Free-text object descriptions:
■ ■ ■
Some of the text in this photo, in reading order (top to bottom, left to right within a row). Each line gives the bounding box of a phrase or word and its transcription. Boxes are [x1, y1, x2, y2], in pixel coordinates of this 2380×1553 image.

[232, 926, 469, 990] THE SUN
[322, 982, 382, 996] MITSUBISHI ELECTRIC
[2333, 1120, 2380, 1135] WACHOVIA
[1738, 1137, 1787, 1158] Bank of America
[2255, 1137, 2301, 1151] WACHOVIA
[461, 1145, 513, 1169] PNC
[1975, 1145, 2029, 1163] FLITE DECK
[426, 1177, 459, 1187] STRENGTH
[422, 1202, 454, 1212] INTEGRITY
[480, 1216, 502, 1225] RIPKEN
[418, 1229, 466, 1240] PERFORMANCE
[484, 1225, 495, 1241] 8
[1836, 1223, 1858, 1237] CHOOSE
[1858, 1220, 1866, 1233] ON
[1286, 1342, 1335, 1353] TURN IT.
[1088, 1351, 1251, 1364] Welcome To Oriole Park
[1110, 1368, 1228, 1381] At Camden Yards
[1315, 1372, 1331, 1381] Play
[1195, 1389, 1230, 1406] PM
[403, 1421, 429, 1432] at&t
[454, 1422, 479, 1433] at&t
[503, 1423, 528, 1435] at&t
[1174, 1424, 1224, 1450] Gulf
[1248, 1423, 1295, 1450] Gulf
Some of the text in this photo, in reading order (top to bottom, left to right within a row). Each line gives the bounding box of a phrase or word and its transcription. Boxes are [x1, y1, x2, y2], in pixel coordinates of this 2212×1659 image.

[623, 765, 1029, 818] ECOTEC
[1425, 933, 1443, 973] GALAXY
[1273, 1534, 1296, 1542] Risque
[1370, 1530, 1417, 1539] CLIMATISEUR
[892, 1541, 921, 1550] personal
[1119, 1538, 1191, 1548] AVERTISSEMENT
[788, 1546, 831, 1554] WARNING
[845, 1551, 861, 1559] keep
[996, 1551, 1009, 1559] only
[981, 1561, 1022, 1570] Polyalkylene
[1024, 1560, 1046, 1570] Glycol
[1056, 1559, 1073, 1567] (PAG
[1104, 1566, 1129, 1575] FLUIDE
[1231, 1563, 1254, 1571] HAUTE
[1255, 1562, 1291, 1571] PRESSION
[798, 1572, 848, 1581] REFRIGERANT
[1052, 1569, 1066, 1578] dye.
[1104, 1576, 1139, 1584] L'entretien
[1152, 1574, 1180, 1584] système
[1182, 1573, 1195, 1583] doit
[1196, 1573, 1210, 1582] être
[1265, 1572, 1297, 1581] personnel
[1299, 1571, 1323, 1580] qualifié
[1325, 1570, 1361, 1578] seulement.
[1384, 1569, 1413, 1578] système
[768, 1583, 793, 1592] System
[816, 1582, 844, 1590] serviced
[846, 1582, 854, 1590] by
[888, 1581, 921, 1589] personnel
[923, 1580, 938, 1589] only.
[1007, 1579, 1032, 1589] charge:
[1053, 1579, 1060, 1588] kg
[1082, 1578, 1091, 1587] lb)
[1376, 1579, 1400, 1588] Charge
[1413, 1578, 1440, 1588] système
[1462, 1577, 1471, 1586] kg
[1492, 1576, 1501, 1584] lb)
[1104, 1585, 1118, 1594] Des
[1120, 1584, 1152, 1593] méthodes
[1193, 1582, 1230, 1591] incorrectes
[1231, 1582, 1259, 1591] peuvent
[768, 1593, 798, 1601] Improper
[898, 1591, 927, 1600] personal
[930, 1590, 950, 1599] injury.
■ ■ ■
Task instructions: Restate the records above word for word.

The completed task:
Some of the text in this photo, in reading order (top to bottom, left to right within a row). Each line gives the bounding box of a phrase or word and its transcription. Boxes are [x1, y1, x2, y2], in pixel coordinates of this 2380×1553 image.

[232, 926, 469, 990] THE SUN
[322, 982, 382, 996] MITSUBISHI ELECTRIC
[2333, 1120, 2380, 1135] WACHOVIA
[1738, 1137, 1787, 1158] Bank of America
[2255, 1137, 2301, 1151] WACHOVIA
[461, 1145, 513, 1169] PNC
[1975, 1145, 2029, 1163] FLITE DECK
[426, 1177, 459, 1187] STRENGTH
[422, 1202, 454, 1212] INTEGRITY
[480, 1216, 502, 1225] RIPKEN
[418, 1229, 466, 1240] PERFORMANCE
[484, 1225, 495, 1241] 8
[1836, 1223, 1858, 1237] CHOOSE
[1858, 1220, 1866, 1233] ON
[1286, 1342, 1335, 1353] TURN IT.
[1088, 1351, 1251, 1364] Welcome To Oriole Park
[1110, 1368, 1228, 1381] At Camden Yards
[1315, 1372, 1331, 1381] Play
[1195, 1389, 1230, 1406] PM
[403, 1421, 429, 1432] at&t
[454, 1422, 479, 1433] at&t
[503, 1423, 528, 1435] at&t
[1174, 1424, 1224, 1450] Gulf
[1248, 1423, 1295, 1450] Gulf
Some of the text in this photo, in reading order (top to bottom, left to right within a row). Each line gives the bounding box of a phrase or word and its transcription. Boxes are [x1, y1, x2, y2], in pixel coordinates of this 2212×1659 image.

[623, 765, 1029, 818] ECOTEC
[1425, 933, 1443, 973] GALAXY
[1273, 1534, 1296, 1542] Risque
[1370, 1530, 1417, 1539] CLIMATISEUR
[892, 1541, 921, 1550] personal
[1119, 1538, 1191, 1548] AVERTISSEMENT
[788, 1546, 831, 1554] WARNING
[845, 1551, 861, 1559] keep
[996, 1551, 1009, 1559] only
[981, 1561, 1022, 1570] Polyalkylene
[1024, 1560, 1046, 1570] Glycol
[1056, 1559, 1073, 1567] (PAG
[1104, 1566, 1129, 1575] FLUIDE
[1231, 1563, 1254, 1571] HAUTE
[1255, 1562, 1291, 1571] PRESSION
[798, 1572, 848, 1581] REFRIGERANT
[1052, 1569, 1066, 1578] dye.
[1104, 1576, 1139, 1584] L'entretien
[1152, 1574, 1180, 1584] système
[1182, 1573, 1195, 1583] doit
[1196, 1573, 1210, 1582] être
[1265, 1572, 1297, 1581] personnel
[1299, 1571, 1323, 1580] qualifié
[1325, 1570, 1361, 1578] seulement.
[1384, 1569, 1413, 1578] système
[768, 1583, 793, 1592] System
[816, 1582, 844, 1590] serviced
[846, 1582, 854, 1590] by
[888, 1581, 921, 1589] personnel
[923, 1580, 938, 1589] only.
[1007, 1579, 1032, 1589] charge:
[1053, 1579, 1060, 1588] kg
[1082, 1578, 1091, 1587] lb)
[1376, 1579, 1400, 1588] Charge
[1413, 1578, 1440, 1588] système
[1462, 1577, 1471, 1586] kg
[1492, 1576, 1501, 1584] lb)
[1104, 1585, 1118, 1594] Des
[1120, 1584, 1152, 1593] méthodes
[1193, 1582, 1230, 1591] incorrectes
[1231, 1582, 1259, 1591] peuvent
[768, 1593, 798, 1601] Improper
[898, 1591, 927, 1600] personal
[930, 1590, 950, 1599] injury.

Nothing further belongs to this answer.